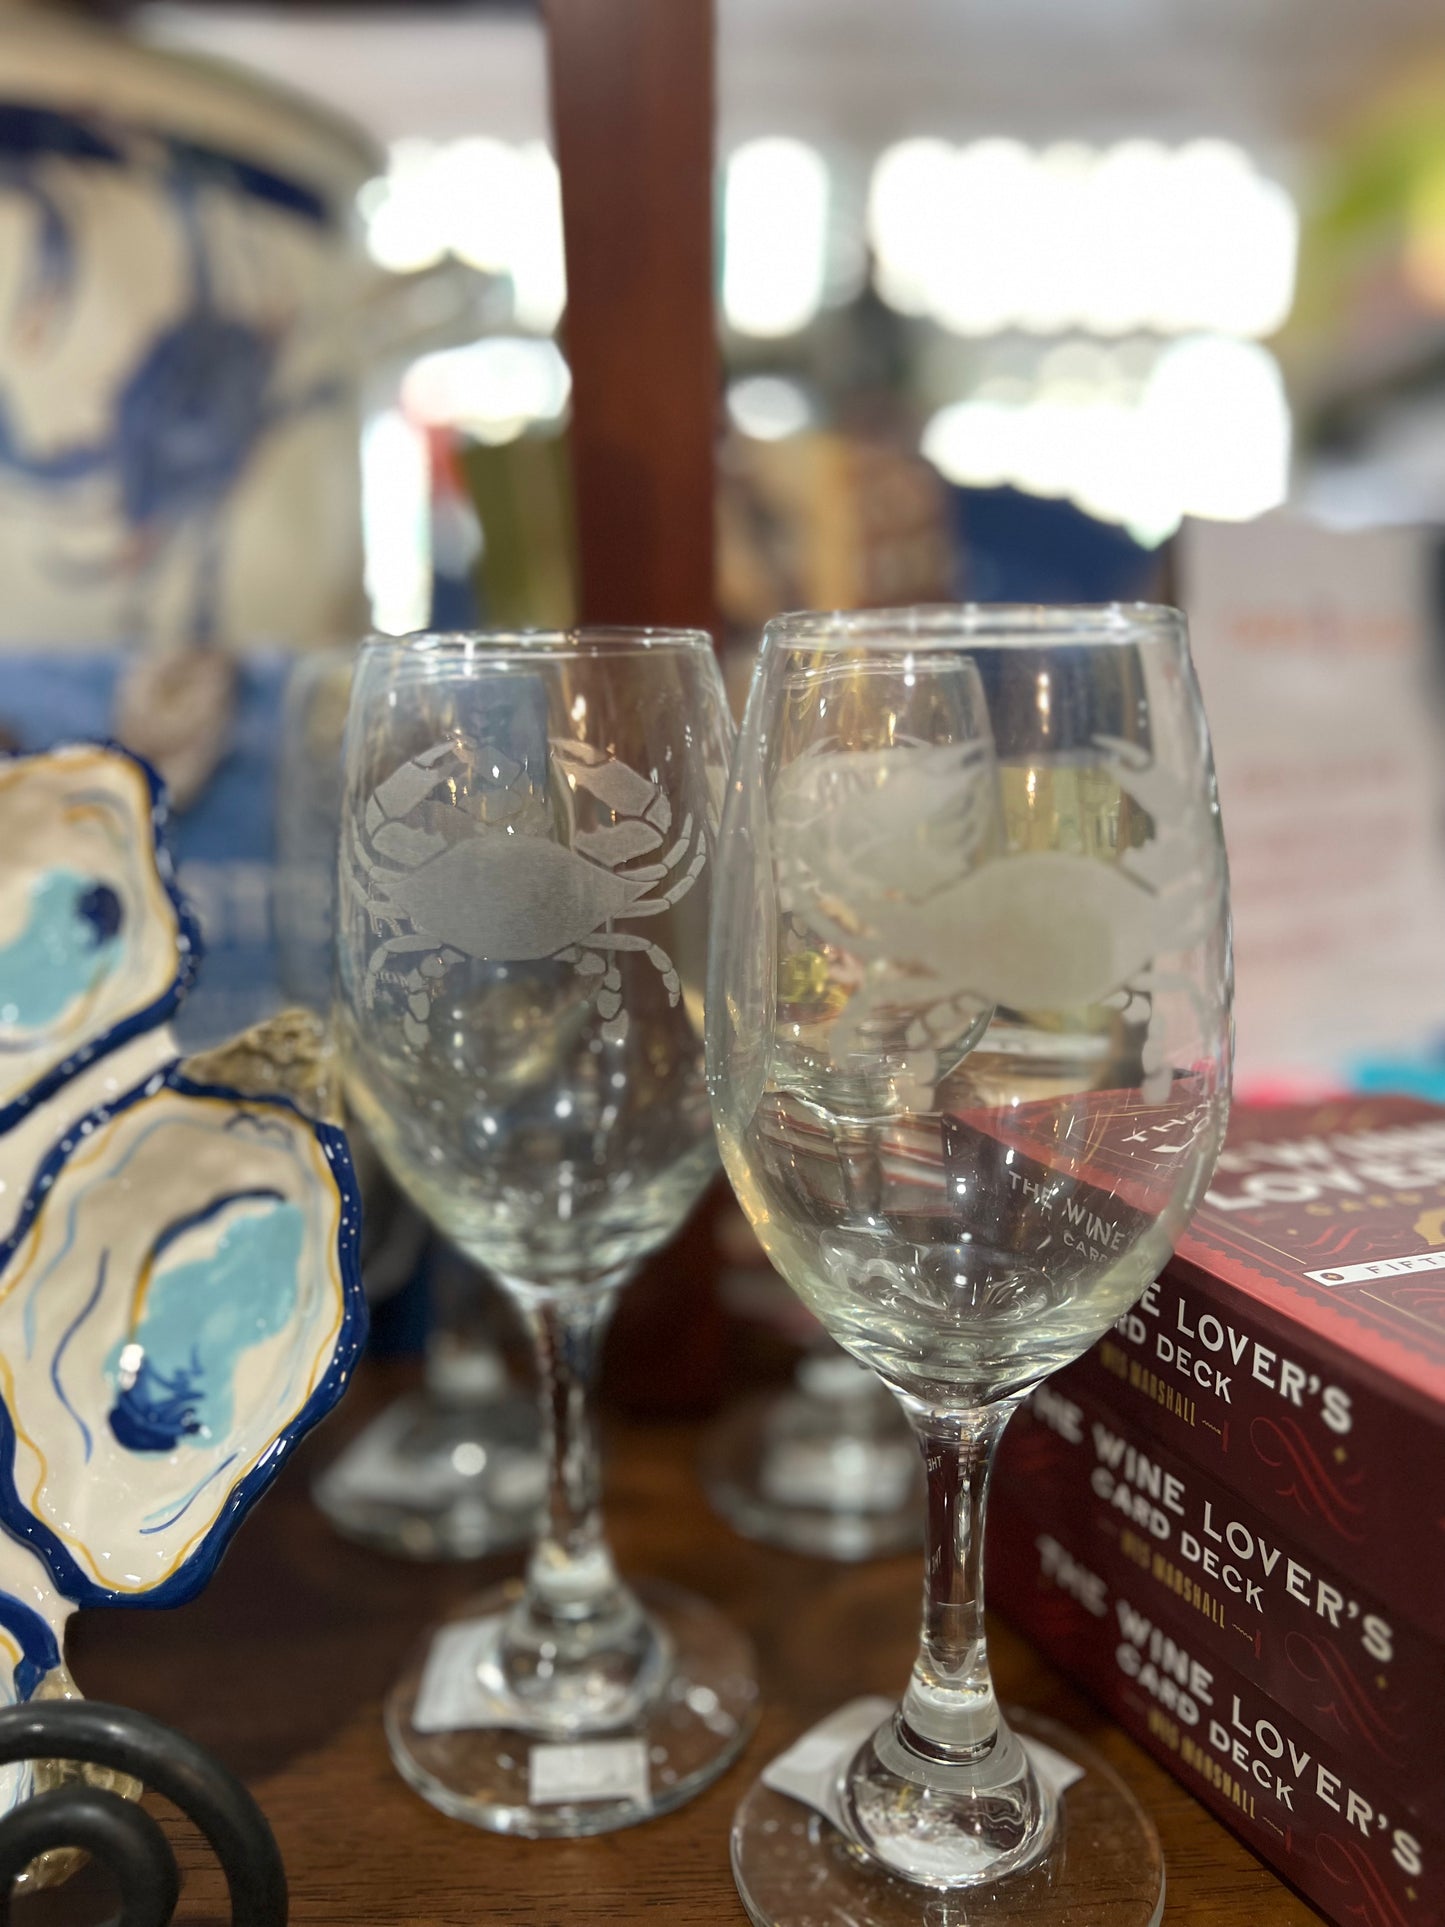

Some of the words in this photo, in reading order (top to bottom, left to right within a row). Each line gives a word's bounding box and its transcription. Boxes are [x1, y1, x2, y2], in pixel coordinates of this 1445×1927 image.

[1009, 1170, 1053, 1211] THE
[1065, 1198, 1125, 1251] WINE
[1365, 1256, 1445, 1274] FIFT
[1156, 1332, 1232, 1404] DECK
[1177, 1297, 1353, 1434] LOVER'S
[1090, 1466, 1171, 1540] CARD
[1180, 1530, 1264, 1614] DECK
[1091, 1420, 1186, 1516] WINE
[1203, 1500, 1393, 1662] LOVER'S
[1114, 1642, 1200, 1726] CARD
[1209, 1718, 1295, 1813] DECK
[1115, 1598, 1214, 1706] WINE
[1231, 1694, 1422, 1876] LOVER'S
# # # # # # #
WORK TASK:
Excluding the pictures, reproduce every entry exactly as given.

THE COMPLETED TASK:
Some of the words in this photo, in reading order (top to bottom, left to right within a row). Each line gives a word's bounding box and its transcription. Boxes are [x1, y1, x2, y2], in pixel coordinates of this 1445×1927 image.

[1009, 1170, 1053, 1211] THE
[1065, 1198, 1125, 1251] WINE
[1365, 1256, 1445, 1274] FIFT
[1156, 1332, 1232, 1404] DECK
[1177, 1297, 1353, 1434] LOVER'S
[1090, 1466, 1171, 1540] CARD
[1180, 1530, 1264, 1614] DECK
[1091, 1420, 1186, 1516] WINE
[1203, 1500, 1393, 1662] LOVER'S
[1114, 1642, 1200, 1726] CARD
[1209, 1718, 1295, 1813] DECK
[1115, 1598, 1214, 1706] WINE
[1231, 1694, 1422, 1876] LOVER'S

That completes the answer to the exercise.